Before getting into the critical appraisal of prognostic studies, let’s clarify the difference between risk factor and prognostic factor. The risk factor is a characteristic of the environment or the subject that favors the development of the disease, while the prognostic factor is that which, once the disease occurs, influences its evolution. Risk factor and prognostic factor are different things, although sometimes they can coincide. What the two do share is the same type of study design. The ideal would be to use clinical trials, but most of the time we cannot or are not ethical to randomize the prognostic or risk factors. Let’s think we want to demonstrate the deleterious effect of booze on the liver. The way with the highest degree of evidence to prove it would be to make two random groups of participants and give 10 whiskeys a day to the participants of one arm and some water to the participants of the other, to see the differences in liver damage after a year, for example. However, it is evident to anyone that we cannot do a clinical trial like this. Not because we cannot find subjects for the intervention arm, but because ethics and common sense prevent us from doing it.

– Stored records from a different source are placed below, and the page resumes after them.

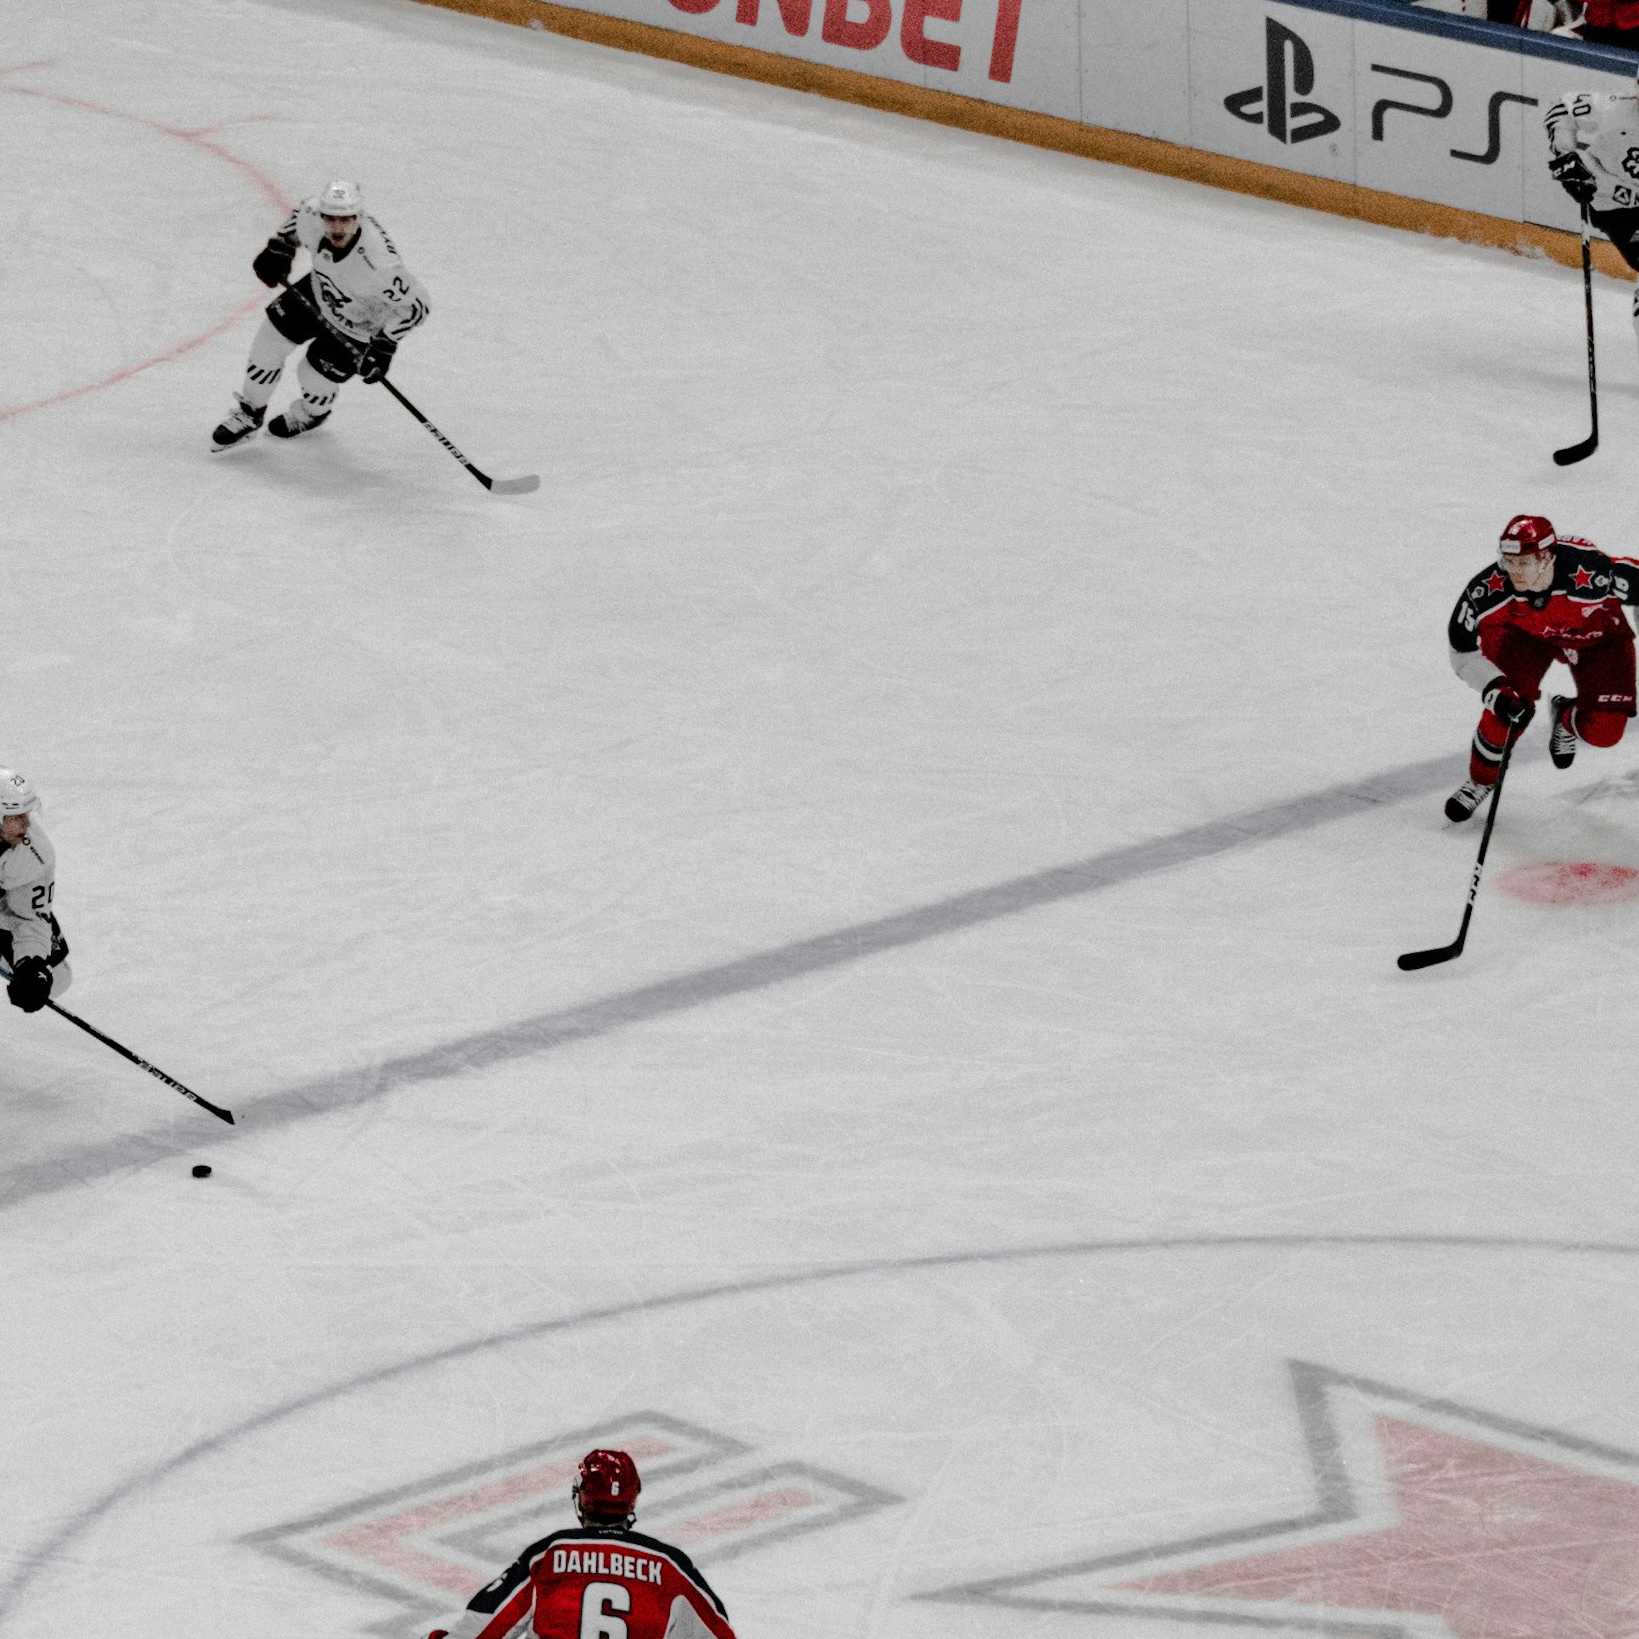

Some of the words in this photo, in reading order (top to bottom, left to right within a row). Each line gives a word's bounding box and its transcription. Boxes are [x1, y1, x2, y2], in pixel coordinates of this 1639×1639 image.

[382, 276, 410, 303] 22
[610, 1480, 619, 1496] 6
[552, 1549, 663, 1586] DAHLBECK
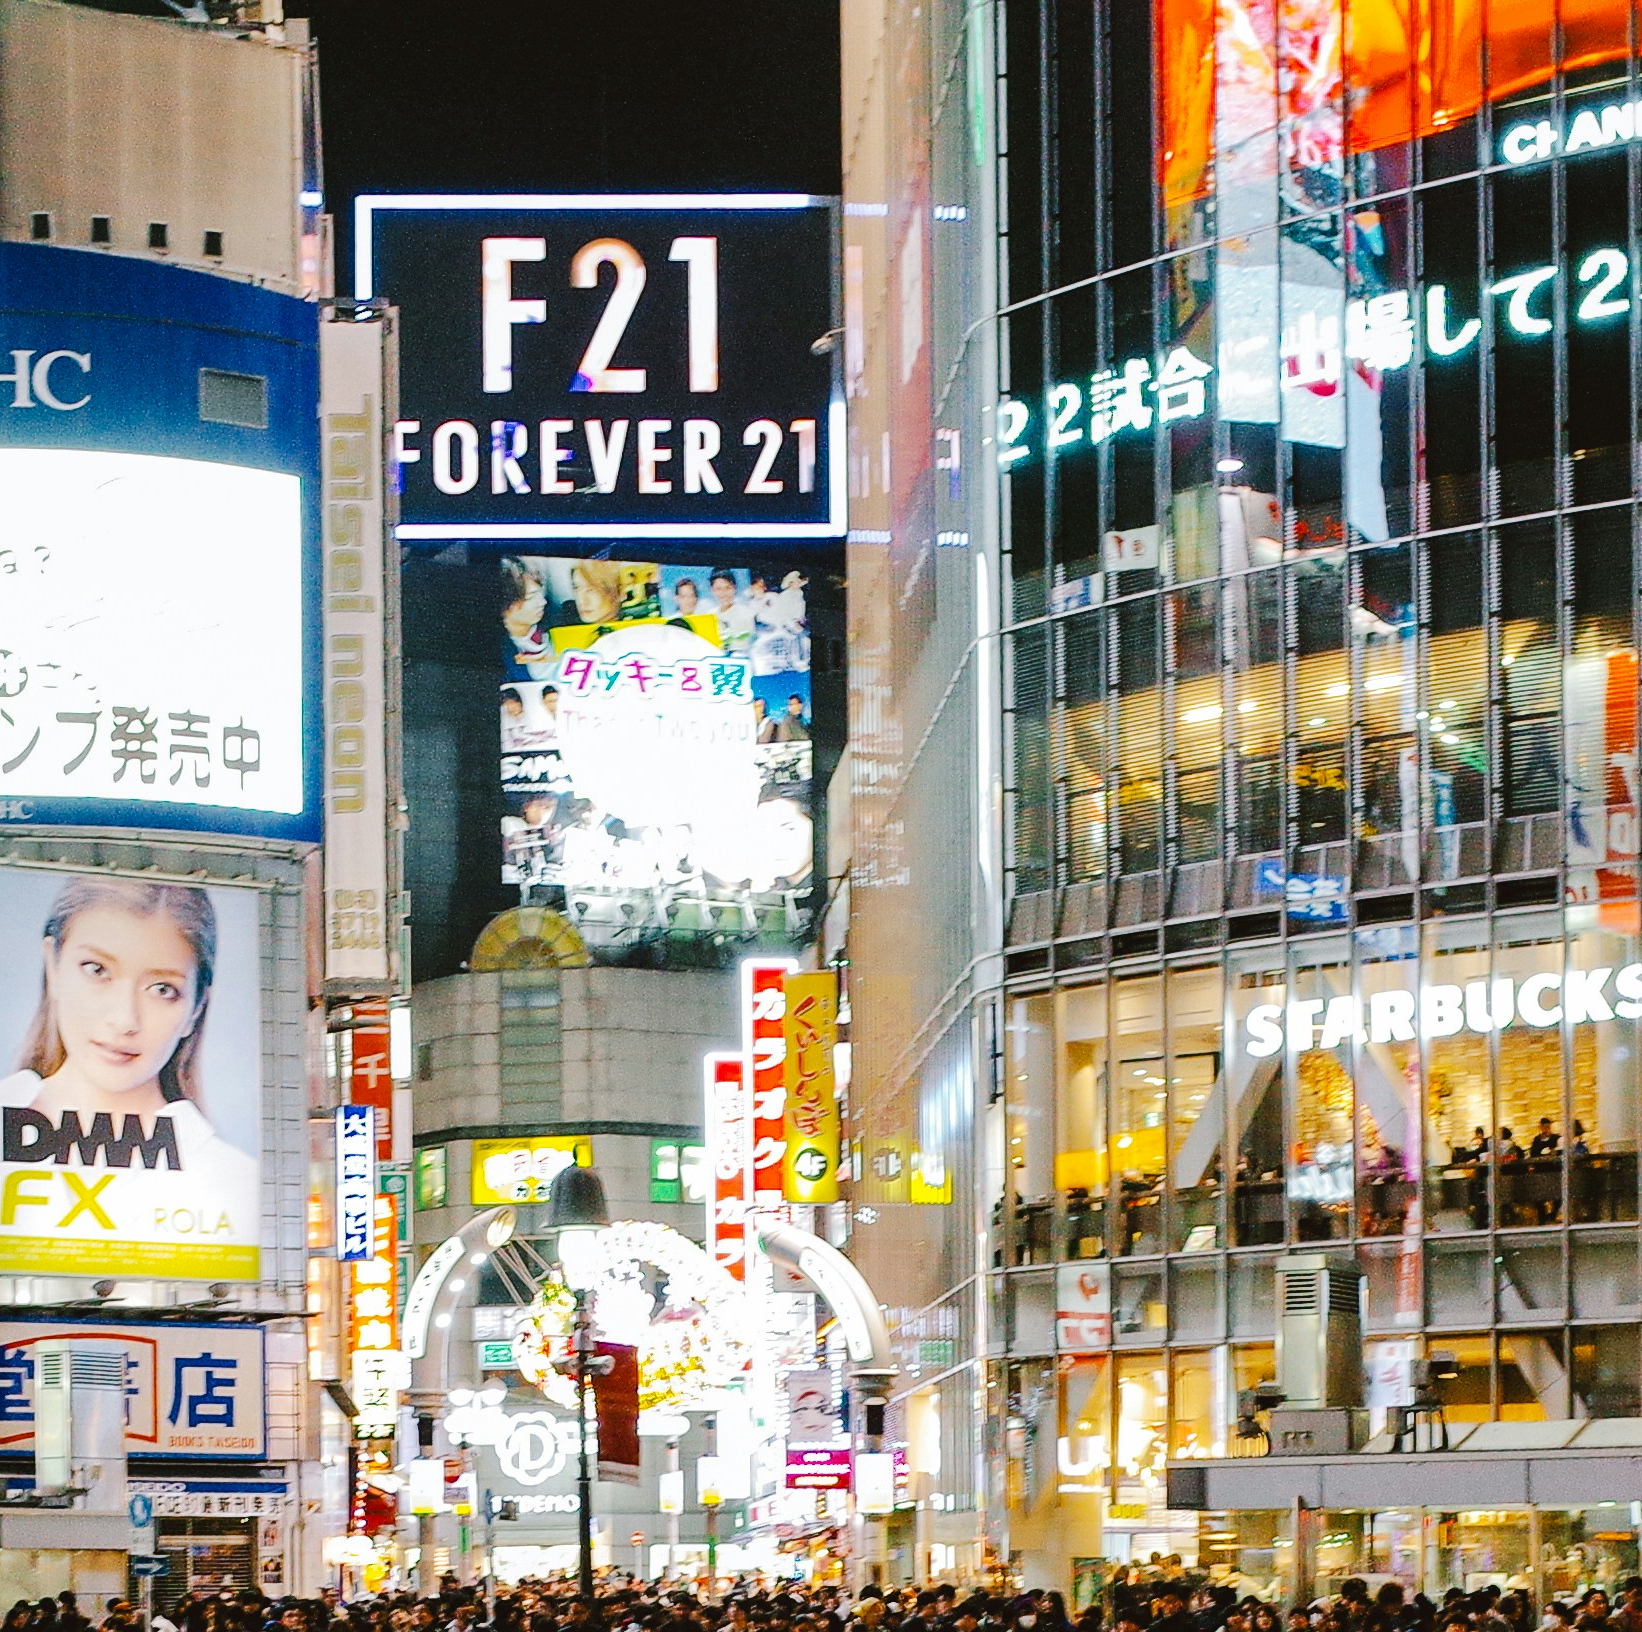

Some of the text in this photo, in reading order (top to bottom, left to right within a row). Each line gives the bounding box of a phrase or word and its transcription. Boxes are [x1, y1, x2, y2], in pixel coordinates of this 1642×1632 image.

[483, 237, 719, 393] F21
[394, 420, 817, 495] FOREVER 21
[330, 393, 375, 815] Taisei neon
[2, 1106, 183, 1171] DMM
[0, 1169, 235, 1235] FX ROLA
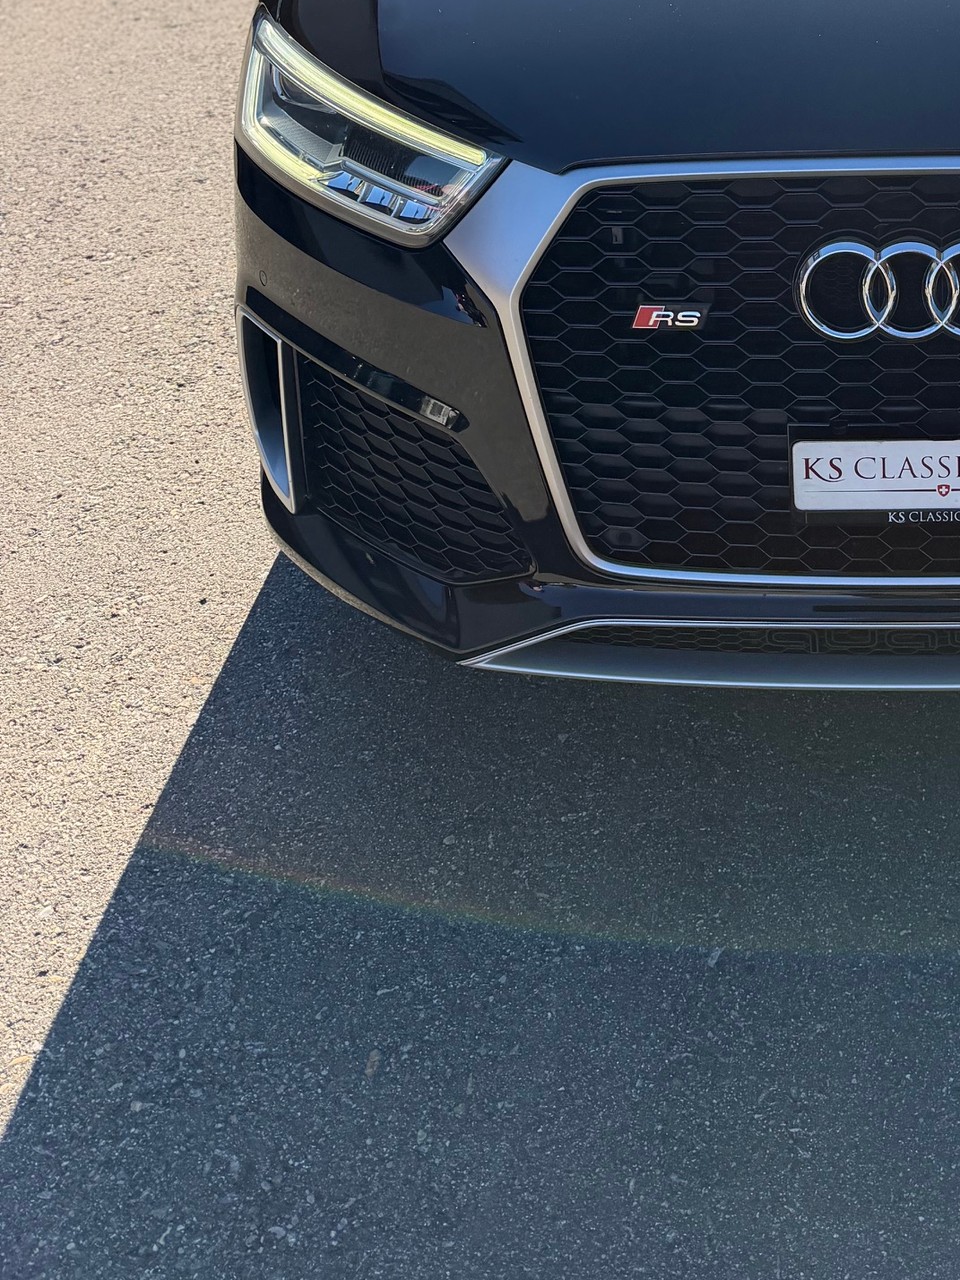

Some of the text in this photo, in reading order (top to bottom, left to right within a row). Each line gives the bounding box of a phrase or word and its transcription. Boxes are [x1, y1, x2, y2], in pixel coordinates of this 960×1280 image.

[648, 311, 701, 326] RS
[802, 456, 846, 483] KS
[887, 511, 906, 524] KS

For this reason, it is usual to use cohort studies: we would study what differences at the level of the liver there may be between individuals who drink and who do not drink alcohol by their own choice. In cases that require very long follow-ups or in which the effect we want to measure is very rare, case-control studies can be used, but they will always be less powerful because they have a higher risk of bias. Following our ethyl example, we would study people with and without liver damage and we would see if one of the two groups was exposed to alcohol.
A prognostic study should inform us of three aspects: what result we evaluate, how likely they are to happen, and in what time frame we expect it to happen. And to appraise it, as always, we will base on our three pillars: validity, relevance and applicability.
To assess the VALIDITY, we´ll first consider if the article meets a set of primary or elimination criteria. If the answer is not, we better throw the paper and go to read the last bullshit our Facebook’s friends have written on our wall.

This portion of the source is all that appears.